» TASK ITEM
A faithful transcription of all the data, images excluded, is the required answer.

═════ EXERCISE DATA ═════

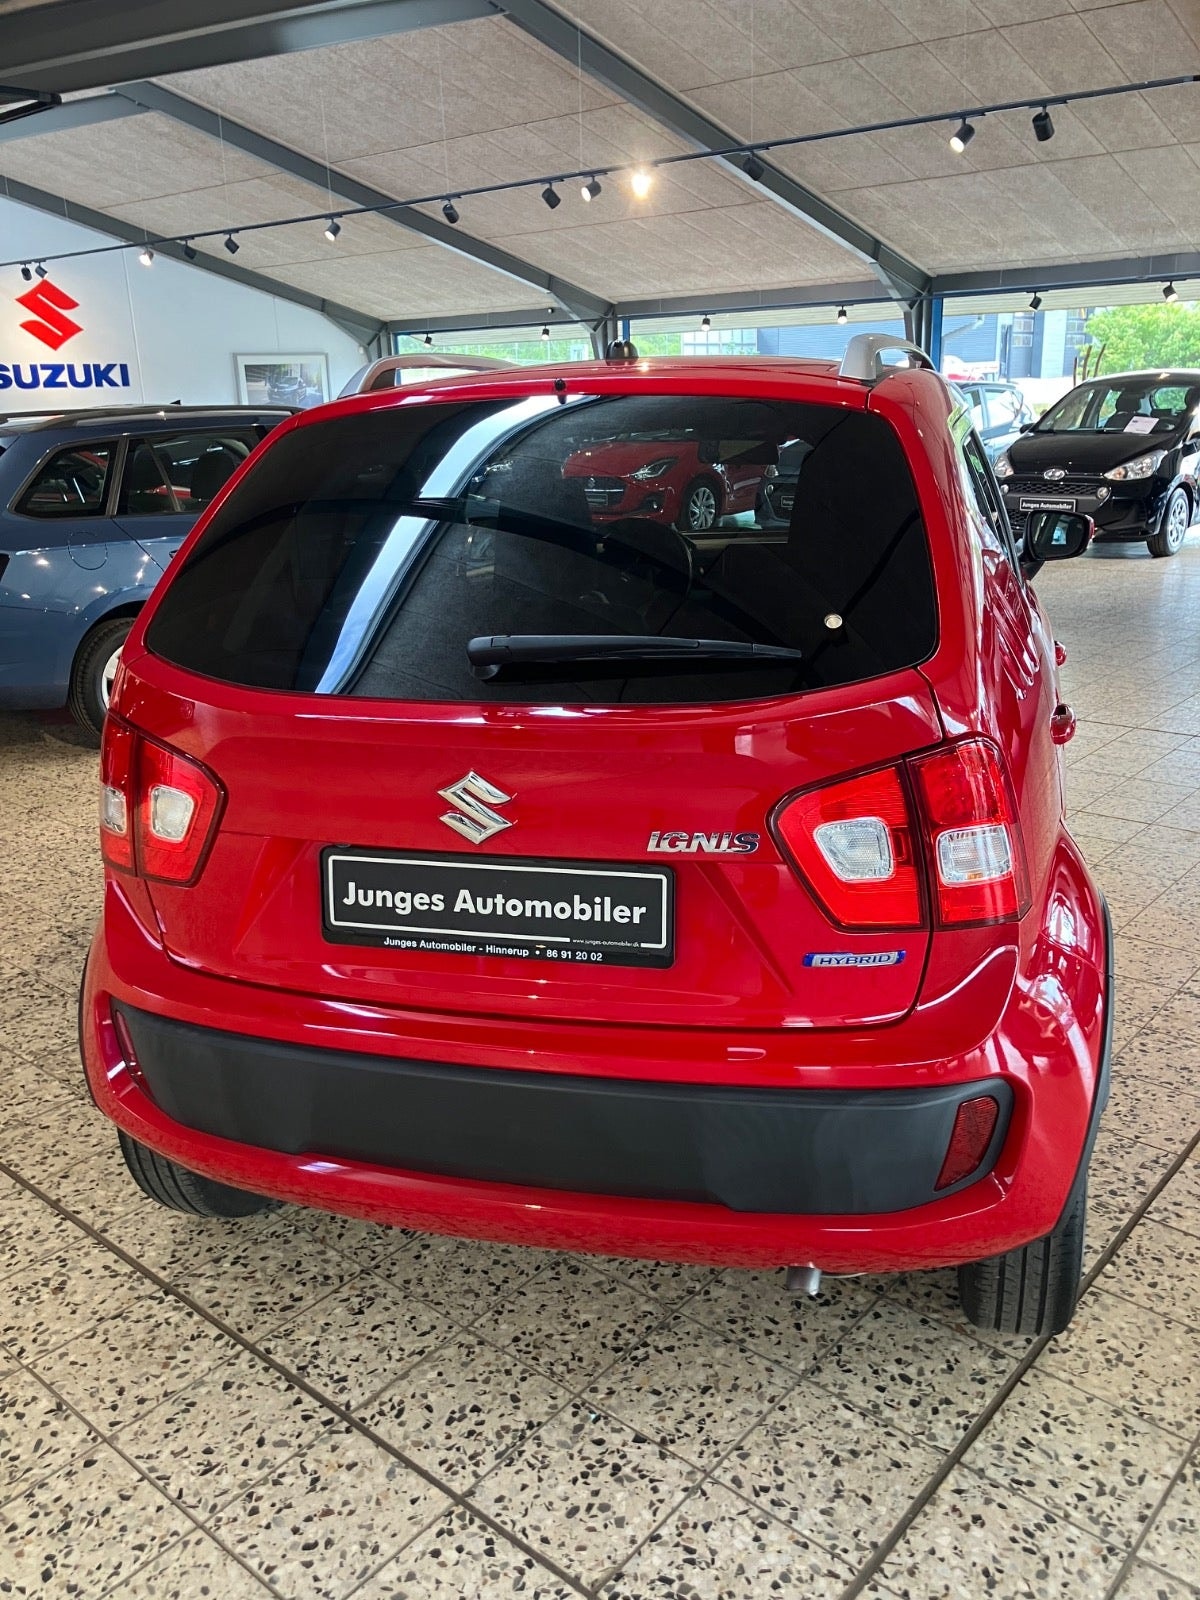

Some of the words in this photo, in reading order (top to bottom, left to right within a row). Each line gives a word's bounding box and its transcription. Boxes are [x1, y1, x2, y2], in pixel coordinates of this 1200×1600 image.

[646, 831, 761, 854] IGNIS
[342, 881, 446, 916] Junges
[453, 889, 648, 924] Automobiler
[383, 936, 418, 949] Junges
[419, 939, 477, 953] Automobiler
[485, 944, 530, 957] Hinnerup
[546, 949, 559, 959] 86
[561, 950, 572, 959] 91
[575, 951, 588, 961] 20
[590, 952, 603, 962] 02
[819, 954, 892, 965] HYBRID
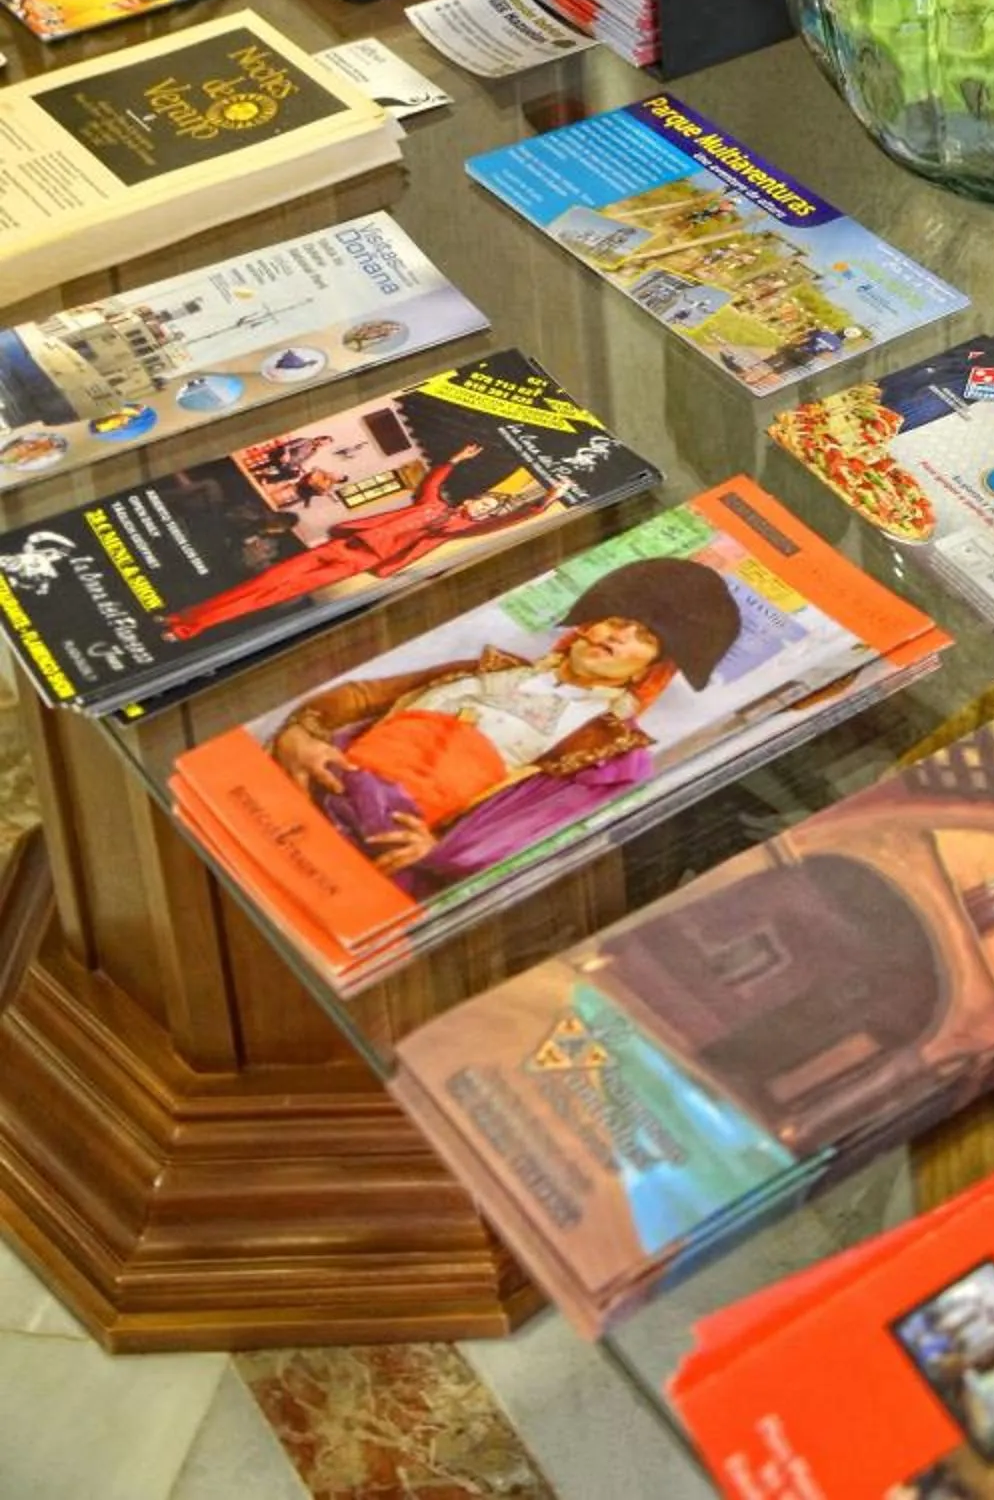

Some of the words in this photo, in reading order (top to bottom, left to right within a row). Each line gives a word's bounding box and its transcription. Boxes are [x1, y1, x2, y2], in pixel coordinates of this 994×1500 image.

[227, 44, 301, 99] Noches
[143, 76, 220, 141] Verano
[642, 96, 703, 141] Parque
[698, 132, 817, 218] Multiaventuras
[335, 229, 400, 295] Doñana

═════

» YOUR SOLUTION
Some of the words in this photo, in reading order (top to bottom, left to right within a row). Each line gives a word's bounding box and its transcription. Boxes are [x1, y1, x2, y2], in pixel coordinates of this 1200×1600 image.

[646, 831, 761, 854] IGNIS
[342, 881, 446, 916] Junges
[453, 889, 648, 924] Automobiler
[383, 936, 418, 949] Junges
[419, 939, 477, 953] Automobiler
[485, 944, 530, 957] Hinnerup
[546, 949, 559, 959] 86
[561, 950, 572, 959] 91
[575, 951, 588, 961] 20
[590, 952, 603, 962] 02
[819, 954, 892, 965] HYBRID

Some of the words in this photo, in reading order (top to bottom, left to right within a row). Each line gives a word's bounding box and its transcription. Boxes are [x1, y1, x2, y2], in pixel coordinates of this 994×1500 image.

[227, 44, 301, 99] Noches
[143, 76, 220, 141] Verano
[642, 96, 703, 141] Parque
[698, 132, 817, 218] Multiaventuras
[335, 229, 400, 295] Doñana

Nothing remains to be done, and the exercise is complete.